Singapore Relaxes Rules to Help SMEs Obtain Funds

Singapore Relaxes Rules to Help SMEs Obtain Funds

The Monetary Authority of Singapore announced on Tuesday it will relax some business restrictions on finance companies to help small- and medium-size enterprises obtain financing.
This comes a day after the central bank announced that it would take measures to strengthen the financing channels for next-generation Asian growth companies and drive innovation through technology infrastructure, to support the Committee on the Future Economy’s recommendations, CNA reported.
Currently, there are three finance companies—Hong Leong Finance, Sing Investments and Finance and Singapura Finance—licensed by MAS to take deposits and loans. They have combined assets of S$16 billion and accounted for just under S$7 billion ($4.94 billion) in outstanding loans to SMEs in the second quarter of last year.
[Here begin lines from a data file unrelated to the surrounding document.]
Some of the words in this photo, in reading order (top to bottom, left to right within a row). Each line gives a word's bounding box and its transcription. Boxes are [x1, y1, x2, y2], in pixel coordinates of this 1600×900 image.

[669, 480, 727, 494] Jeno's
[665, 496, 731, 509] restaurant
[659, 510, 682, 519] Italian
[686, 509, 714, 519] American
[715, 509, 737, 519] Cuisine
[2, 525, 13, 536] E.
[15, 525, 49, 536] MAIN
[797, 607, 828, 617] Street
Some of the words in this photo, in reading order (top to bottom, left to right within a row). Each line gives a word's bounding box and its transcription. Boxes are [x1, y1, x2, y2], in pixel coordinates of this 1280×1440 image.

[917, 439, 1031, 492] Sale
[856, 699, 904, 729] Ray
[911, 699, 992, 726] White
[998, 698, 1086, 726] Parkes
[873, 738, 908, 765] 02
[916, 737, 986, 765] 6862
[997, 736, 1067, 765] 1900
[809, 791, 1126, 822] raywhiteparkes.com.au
In a statement, MAS said it would be relaxing some of the business restrictions that currently apply to them in order to enhance their role in SME financing.
The limit for aggregate uncollateralized lending will be raised to up to 25% of the finance companies’ capital funds, from the current cap of 10%. The aggregate limit for uncollateralized lending to a single borrower will also be raised to up to 0.5% of the capital funds of the finance company, up from the current cap of S$5,000.
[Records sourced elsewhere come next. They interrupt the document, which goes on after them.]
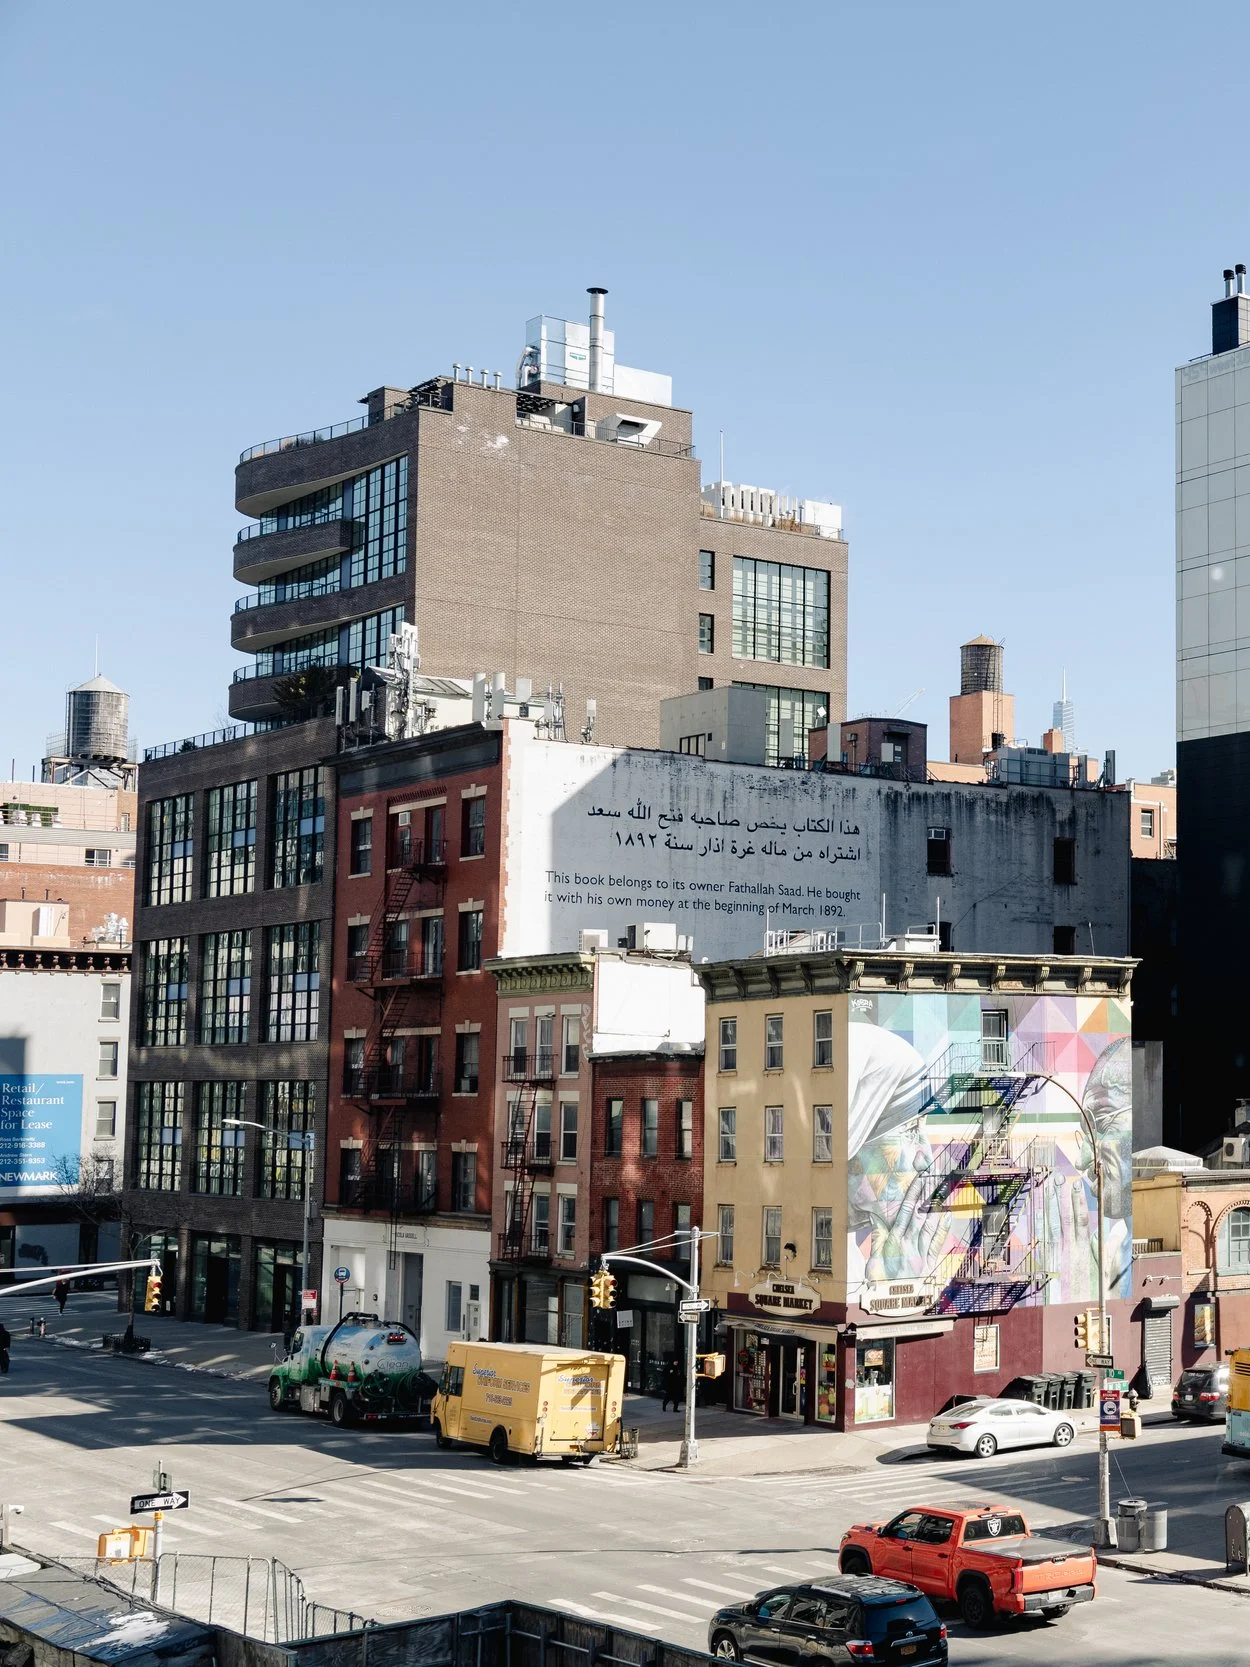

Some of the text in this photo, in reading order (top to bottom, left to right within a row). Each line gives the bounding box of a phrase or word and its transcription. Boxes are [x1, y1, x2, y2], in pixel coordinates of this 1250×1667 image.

[587, 798, 860, 838] هذا الكتاب يخص صاحبه فتح الله سعد
[615, 831, 657, 848] ١٨٩٢
[664, 833, 693, 851] سنة
[730, 840, 755, 859] غرة
[793, 845, 813, 861] من
[819, 845, 861, 864] اشتراه
[545, 871, 861, 902] This book belongs to its owner Fathallah Saad. He bought
[544, 891, 846, 917] it with his own money at the beginning of March 1892.
[2, 1080, 44, 1094] Retail/
[2, 1096, 64, 1105] Restaurant
[0, 1108, 34, 1119] Space
[0, 1119, 53, 1129] for Lease
[0, 1171, 57, 1181] NEWMARK
[772, 1284, 794, 1294] CHELSEA
[889, 1284, 914, 1295] CHELSEA
[755, 1294, 813, 1310] SQUARE MARKET
[869, 1298, 900, 1312] SQUARE
[138, 1497, 180, 1508] ONE WAY
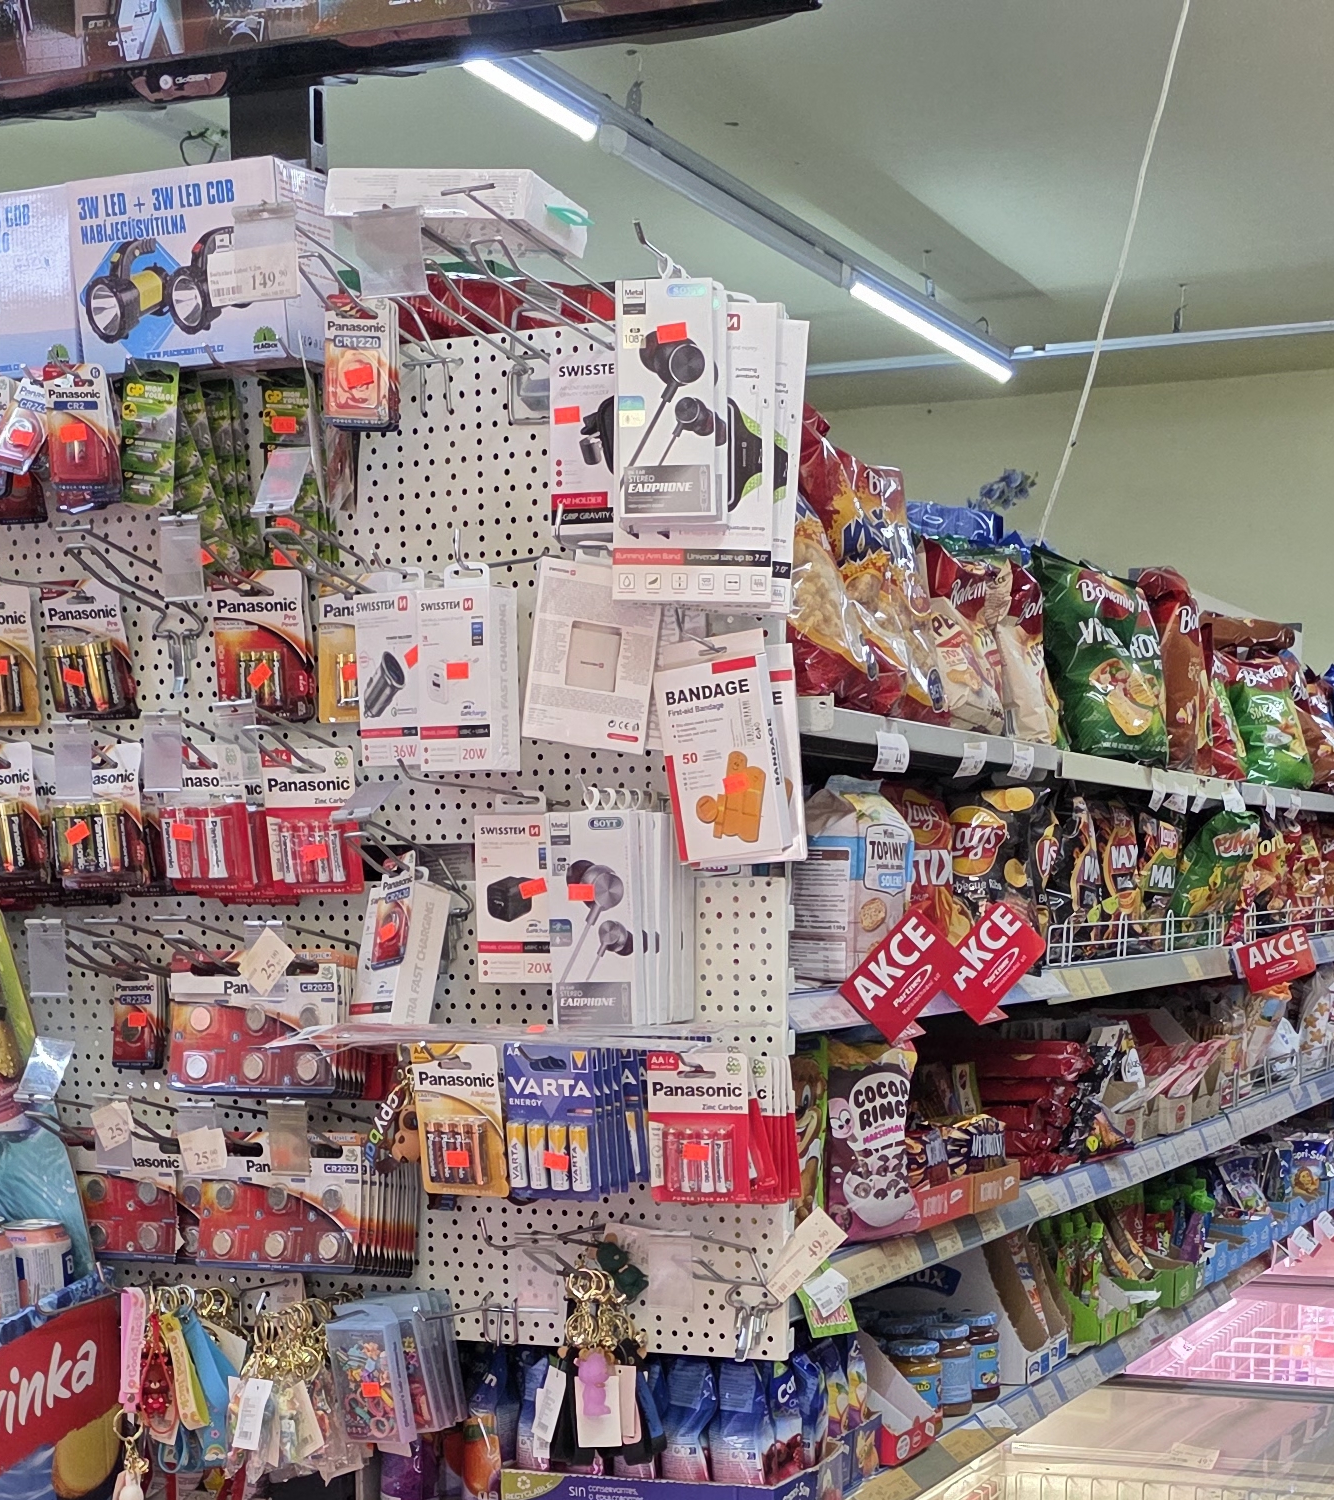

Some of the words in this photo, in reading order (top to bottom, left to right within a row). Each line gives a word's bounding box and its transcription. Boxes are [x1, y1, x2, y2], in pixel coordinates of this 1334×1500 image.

[77, 197, 101, 221] 3W
[104, 193, 127, 218] LED
[151, 186, 174, 211] 3W
[177, 182, 202, 207] LED
[206, 179, 235, 205] COB
[624, 288, 644, 297] Metal
[327, 320, 386, 333] Panasonic
[335, 336, 380, 348] CR1220
[48, 388, 101, 401] Panasonic
[66, 401, 86, 410] CR2
[627, 482, 693, 493] EARPHONE
[217, 597, 297, 613] Panasonic
[48, 606, 117, 622] Panasonic
[284, 613, 296, 621] Pro
[665, 679, 750, 706] BANDAGE
[668, 705, 693, 717] First-aid
[695, 702, 724, 712] Bandage
[393, 745, 417, 759] 36W
[462, 747, 487, 761] 20W
[682, 752, 698, 765] 50
[767, 718, 780, 785] BANDAGE
[267, 776, 350, 792] Panasonic
[593, 818, 618, 828] SOYT
[480, 827, 526, 835] SWISSTEN
[1111, 843, 1138, 869] MAX
[1249, 928, 1308, 969] AKCE
[853, 917, 935, 1011] AKCE
[982, 956, 1011, 987] Partner
[116, 983, 154, 993] Panasonic
[302, 983, 334, 992] CR2025
[892, 974, 922, 1007] Partner
[560, 998, 617, 1008] EARPHONE
[418, 1071, 495, 1089] Panasonic
[508, 1077, 592, 1097] VARTA
[651, 1081, 743, 1098] Panasonic
[853, 1078, 910, 1108] COCOA
[508, 1098, 543, 1107] ENERGY
[702, 1103, 719, 1111] Zinc
[720, 1103, 743, 1112] Carbon
[325, 1164, 356, 1174] CR2032
[571, 1145, 579, 1184] VARTA
[505, 1481, 553, 1500] RECYCLABLE
These changes will better enable finance companies to serve their SME customers, many of whom require unsecured credit for working capital needs, the central bank said.
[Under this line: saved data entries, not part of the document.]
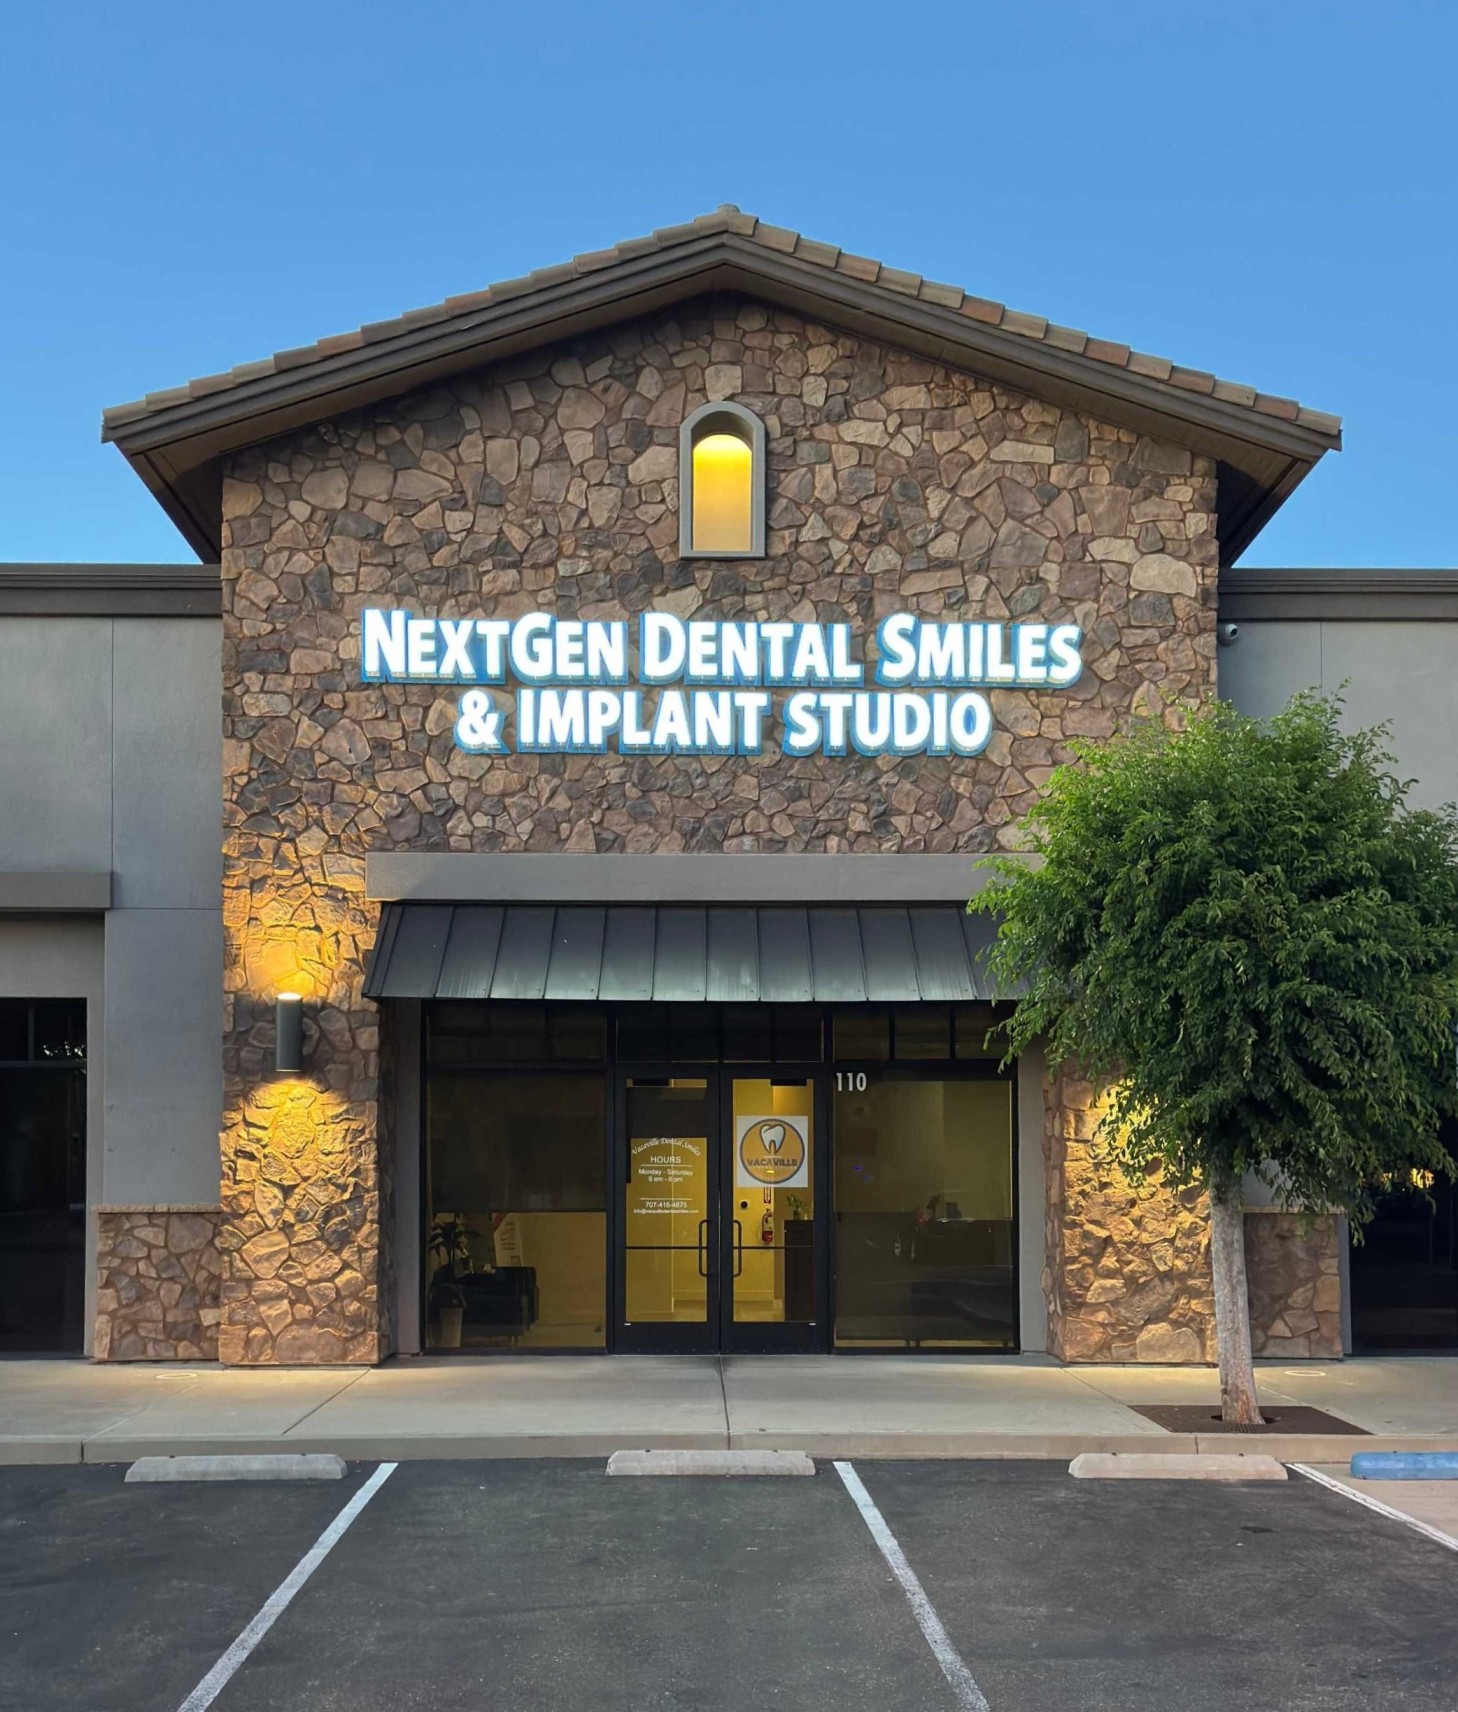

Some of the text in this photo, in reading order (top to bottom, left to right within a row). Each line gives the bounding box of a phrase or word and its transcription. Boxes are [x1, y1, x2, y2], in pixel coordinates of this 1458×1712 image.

[642, 612, 863, 682] DENTAL
[879, 613, 1082, 684] SMILES
[456, 690, 991, 752] & IMPLANT STUDIO
[836, 1072, 867, 1091] 110
[650, 1156, 682, 1164] HOURS
[747, 1159, 798, 1167] VACAVILLE
[667, 1168, 693, 1176] Saturday
In order to allow them to provide more comprehensive credit and deposit services to SMEs, finance companies will also be allowed to offer current accounts and chequeing services to business customers, as well as join electronic payment networks like Interbank GIRO, Fast and secure transfers and Secure Transfers and Electronic Funds Transfer at Point of Sale.
To safeguard prudential standards, the central bank says it will require these companies to enhance their corporate governance and risk management, including imposing stricter rules on related party transactions and limits on exposures to the property sector.
The regulatory changes will be implemented in phases starting this year.
In addition, MAS said in the statement that it will liberalize its existing policy of not allowing foreign takeovers of finance companies.